At 11:27 AM 9/29/98 -0400, John Cowan wrote:
>W. Eliot Kimber wrote:
>
>> Again, I don't agree. How is "-//John Cowan//NONSGML KJV John 3:14//EN" any
>> different from "-//Some Name//NONSGML 12345ABCD//EN" if they both happen to
>> be mapped to the Bible verse John 3:14?  They're just arbitrary names.
>
>True in principle, not true in fact.  The man who uses the word
>"glory" in "There's glory for you!" to mean "There's a nice knock-down
>[i.e. compelling] argument for you!" is likely to be called, or even
>to *be*, a Humpty Dumpty.

>Names have *content*, contrary to theory.  To use an example I have used
>elsewhere, you may not know which dog the name "Fido" refers to, but you
>know (if you understand English onomastics at all) that it refers to some
>dog.  Likewise, "Jane" refers to some female human.

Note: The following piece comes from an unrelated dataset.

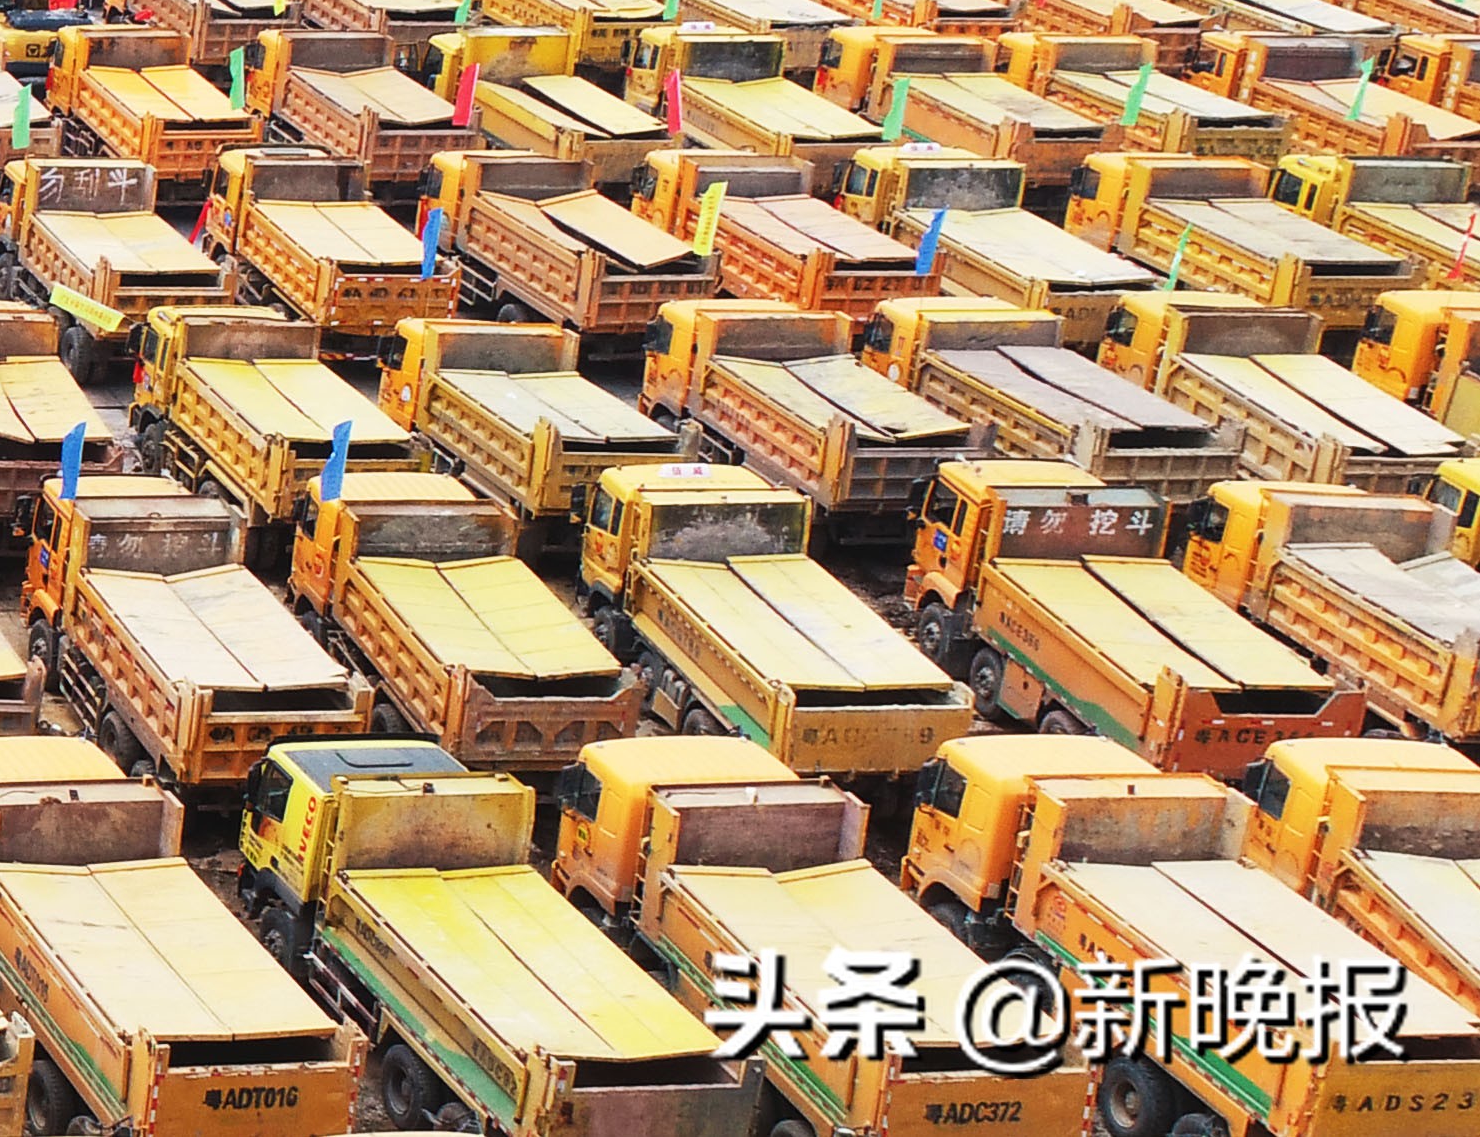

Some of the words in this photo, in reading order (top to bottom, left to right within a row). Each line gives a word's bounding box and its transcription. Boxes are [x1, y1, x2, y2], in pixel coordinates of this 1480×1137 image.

[1003, 510, 1153, 536] 请勿挖斗
[297, 796, 317, 863] IVECO
[204, 1086, 298, 1110] 粤ADT016
[924, 1101, 1022, 1124] 粤ADC372

I think you're inappropriately conflating names for beings with names for
objects. Names we, as humans, give to things, have content because we use
words for them that have meaning.  But that meaning is added value--it
doesn't nothing to make the name more or less useful as an indirect pointer
to an object.  The best it can do is provide clues about what the name
might refer to, but those will be, at best, clues and they can't be
dependended upon in the general case.

Because of my cultural background, I know that "fido" is a name often used
for dogs and Jane is a name often used for female humans. I also know that
"fido" derives from "fidelis" or "fidelity", meaning "loyal", which is a
species traight of dogs, which makes "fido" an appropriate name for dogs.
But I also know that "fido" is not restricted to the naming of dogs:

[Telephone search
<http://people.yahoo.com/py/psPhoneSearch.py?Pyt=Tps&YY=627>, last name
"fido":

A Fido 
Madison Hts, MI 48071-5908 

Beata S Fido 
Chicago, IL 60607 

C Fido 
Las Vegas, NV 89125 

...] (I also got 200 hits on "smith, fido")

So if you tell me: "you'll meet fido tonight", I might expect to meet your
dog, but I could just as easily meet you friend C. Fido.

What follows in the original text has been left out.